Former Superintendent Maria Goodloe-Johnson brought the MAP to Seattle at a cost of some $4 million while she was serving on the board of the company that sells it. The state auditor called this an ethics violation because she did not disclose it until after the district approved the company’s contract. After Goodloe-Johnson was fired, the MAP somehow survived the housecleaning. Garfield teachers refuse to administer an ethics violation.

We at Garfield are not against accountability or demonstrating student progress. We do insist on a form of assessment relevant to what we’re teaching in the classroom. Some of my colleagues would propose replacing the MAP with a test that is aligned to our curriculum.

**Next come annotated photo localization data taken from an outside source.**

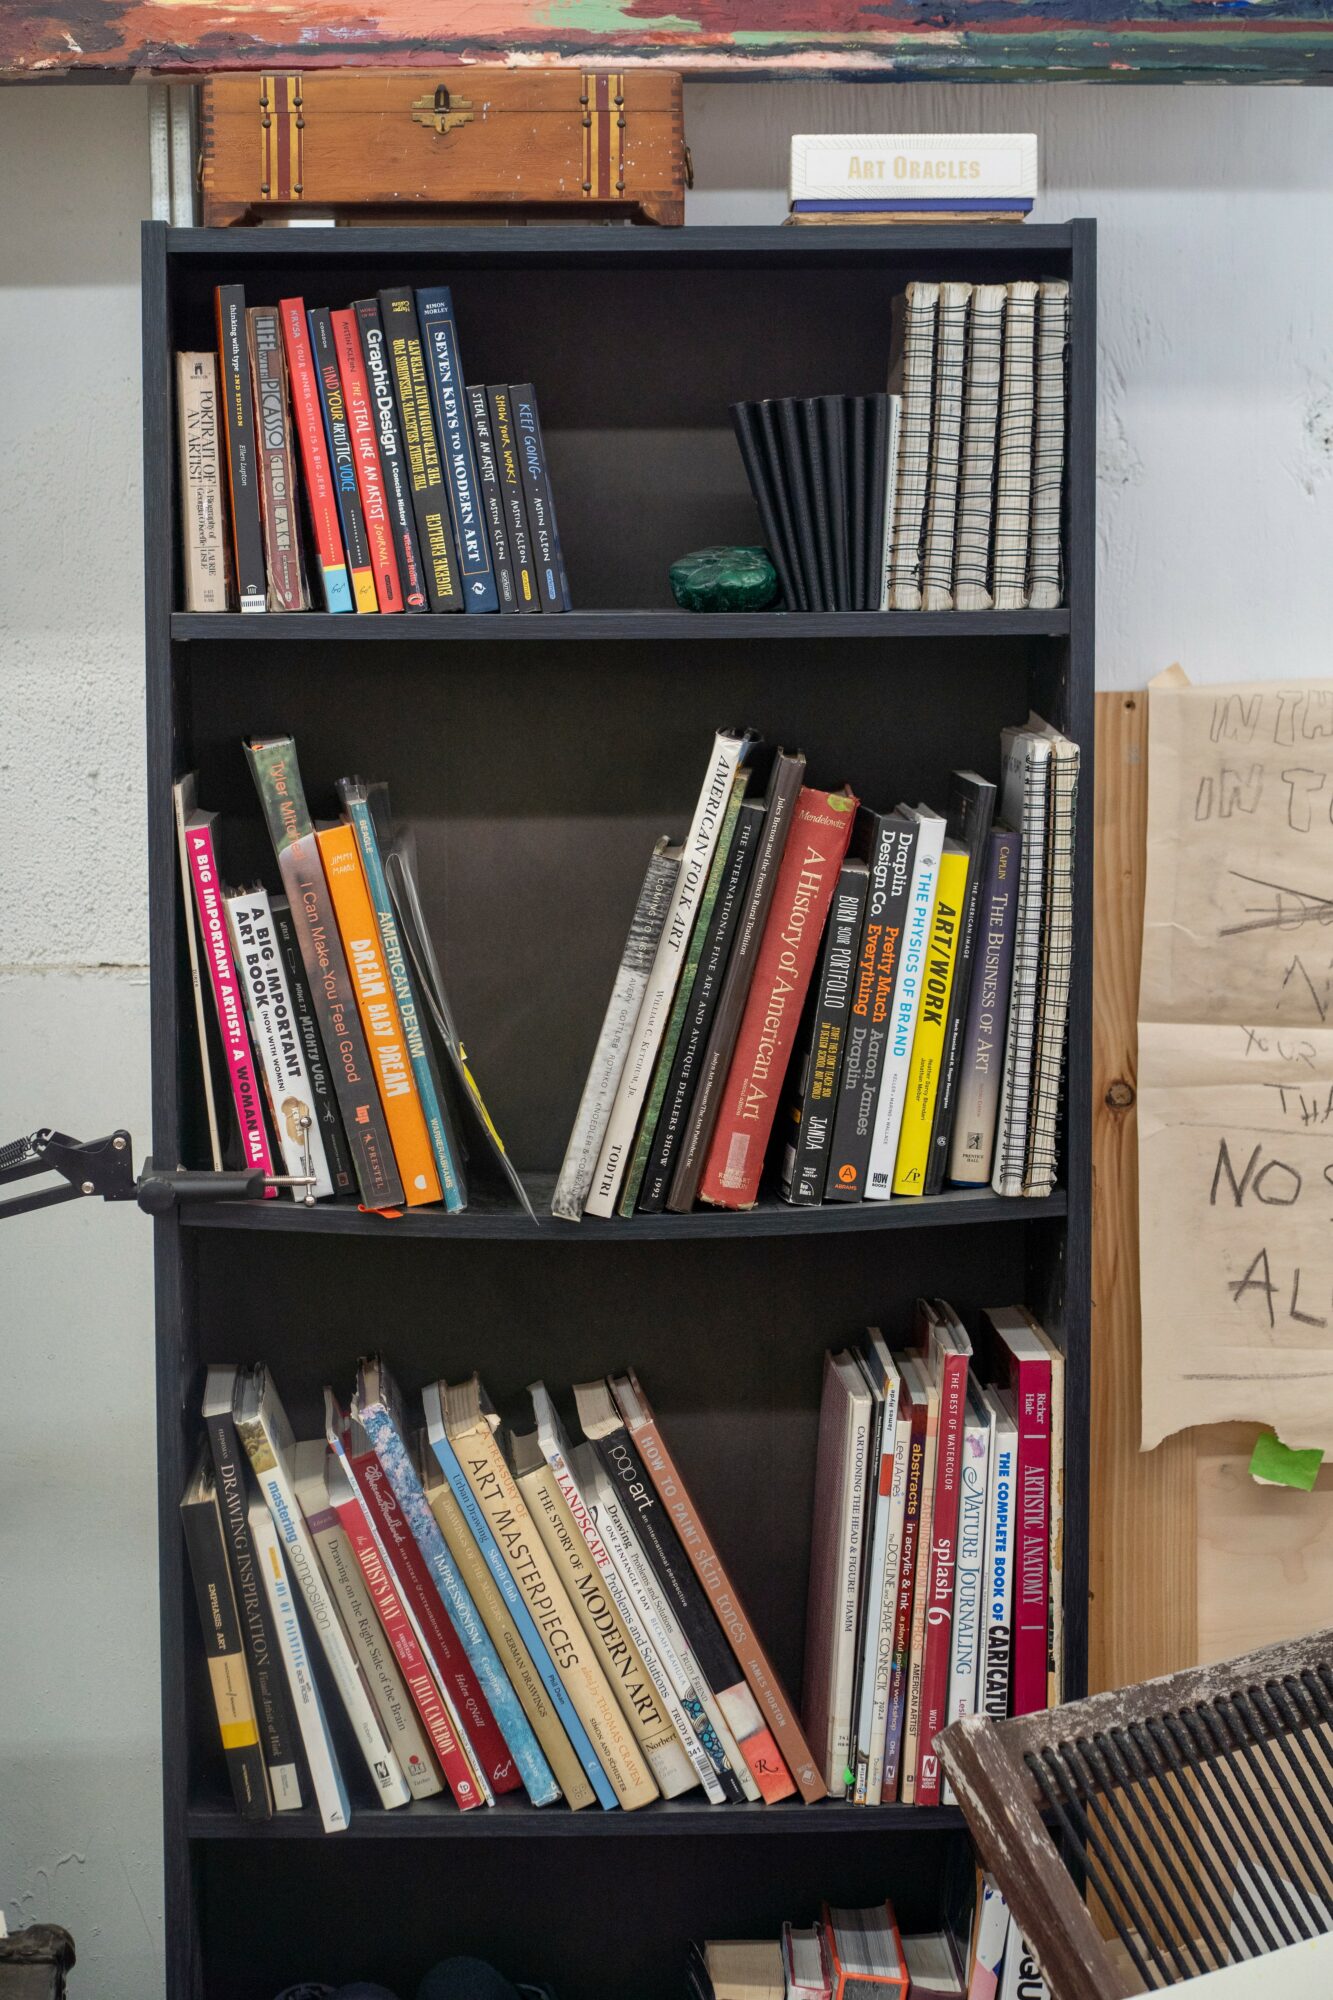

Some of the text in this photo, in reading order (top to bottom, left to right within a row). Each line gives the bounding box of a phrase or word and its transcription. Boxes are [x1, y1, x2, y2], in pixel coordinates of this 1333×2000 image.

[230, 304, 240, 337] thinking
[232, 337, 240, 354] with
[320, 321, 328, 349] CONGDON
[424, 307, 448, 315] MORLEY
[232, 354, 240, 371] type
[235, 393, 243, 427] EDITION
[322, 364, 356, 492] FIND YOUR ARTISTIC VOICE
[434, 331, 480, 562] SEVEN KEYS TO MODERN ART
[472, 393, 495, 484] STEAL LIKE AN ARTIST
[425, 513, 453, 597] EUGENE EHRLICH
[330, 852, 353, 866] JIMMY
[668, 755, 730, 952] AMERICAN FOLK ART
[798, 809, 846, 830] Mendelowitz
[998, 846, 1010, 880] CAPLIN
[869, 830, 896, 917] Design Co.
[891, 832, 913, 897] Draplin
[637, 878, 665, 965] COMING TO LIGHT
[963, 931, 973, 959] IMAGE
[969, 896, 978, 928] AMERICAN
[989, 893, 1009, 926] THE
[193, 837, 263, 1162] A BIG IMPORTANT ARTIST: A WOMANUAL
[236, 911, 269, 1010] ART BOOK
[251, 907, 301, 1077] A BIG IMPORTANT
[378, 911, 426, 1058] AMERICAN DENIM
[660, 824, 752, 1167] THE INTERNATIONAL FINE ART AND ANTIQUE DEALERS SHOW
[743, 846, 827, 1122] A History of American Art
[853, 924, 882, 1016] Everything
[872, 926, 900, 1023] Pretty Much
[893, 872, 932, 1057] THE PHYSICS OF BRAND
[923, 901, 956, 1027] ART/WORK
[979, 931, 1005, 1008] BUSINESS
[350, 939, 411, 1098] DREAM BABY DREAM
[845, 1026, 866, 1090] Draplin
[975, 1039, 993, 1074] ART
[979, 1013, 993, 1034] OF
[856, 1028, 884, 1136] Aaron James
[599, 1144, 622, 1197] TODTRI
[806, 1116, 828, 1150] JANDA
[651, 1177, 663, 1199] 1992
[872, 1172, 888, 1184] HOW
[944, 1372, 960, 1491] THE BEST OF WATERCOLOR
[452, 1473, 490, 1544] Urban Drawing
[608, 1445, 654, 1512] pop art
[220, 1463, 270, 1666] DRAWING INSPIRATION
[267, 1480, 331, 1631] mastering composition
[468, 1459, 579, 1669] ART MASTERPIECES
[608, 1504, 633, 1550] Drawing
[641, 1436, 747, 1644] HOW TO PAINT skin tones
[641, 1514, 688, 1608] an international perspective
[1023, 1465, 1045, 1605] ARTISTIC ANATOMY
[433, 1553, 482, 1646] IMPRESSIONISM
[488, 1547, 518, 1603] Sketch Club
[537, 1486, 663, 1726] THE STORY OF MODERN ART
[557, 1473, 670, 1700] LANDSCAPE Problems and Solutions
[928, 1539, 955, 1626] splash 6
[328, 1539, 406, 1732] Drawing on the Right Side of the Brain
[503, 1631, 548, 1718] GERMAN DRAWINGS
[296, 1669, 310, 1704] BOB ROSS
[409, 1674, 457, 1756] JULIA CAMERON
[548, 1674, 565, 1705] Phil Dean
[599, 1695, 643, 1787] THOMAS CRAVEN
[645, 1732, 677, 1752] Norbert

Many others, myself included, believe that portfolios, which collect student work and demonstrate yearlong student growth, would be a good replacement for the MAP. Such assessments would be directly tied to our curriculum and would demonstrate improvement over time rather than a random snapshot of a student on one particular day.

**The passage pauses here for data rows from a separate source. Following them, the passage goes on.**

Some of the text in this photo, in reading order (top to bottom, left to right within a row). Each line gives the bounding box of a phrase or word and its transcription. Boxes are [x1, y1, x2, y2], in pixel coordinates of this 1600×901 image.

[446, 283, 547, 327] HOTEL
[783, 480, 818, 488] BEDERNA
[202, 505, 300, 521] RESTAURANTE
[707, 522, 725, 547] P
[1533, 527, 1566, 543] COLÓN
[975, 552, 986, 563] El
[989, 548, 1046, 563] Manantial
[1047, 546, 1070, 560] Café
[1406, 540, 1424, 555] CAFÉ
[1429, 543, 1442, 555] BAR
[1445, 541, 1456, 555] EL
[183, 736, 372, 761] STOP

America faces incredible challenges: endless war, climate change and worldwide economic implosion. Our kids will need both traditional academic abilities and innovative critical-thinking skills to solve these real problems. If we inundate our students with standardized testing year-round, these larger lessons are lost.

Garfield’s teachers are preparing students for the real-life tests they will face, and reject the computer multiple-choice rituals that fail to measure grade-level content — not to mention character, commitment, courage or talent.

Jesse Hagopian has taught in Seattle Public Schools since 2006, serves as the Black Student Union’s faculty adviser and is the recipient of the Abe Keller Peace Education Award.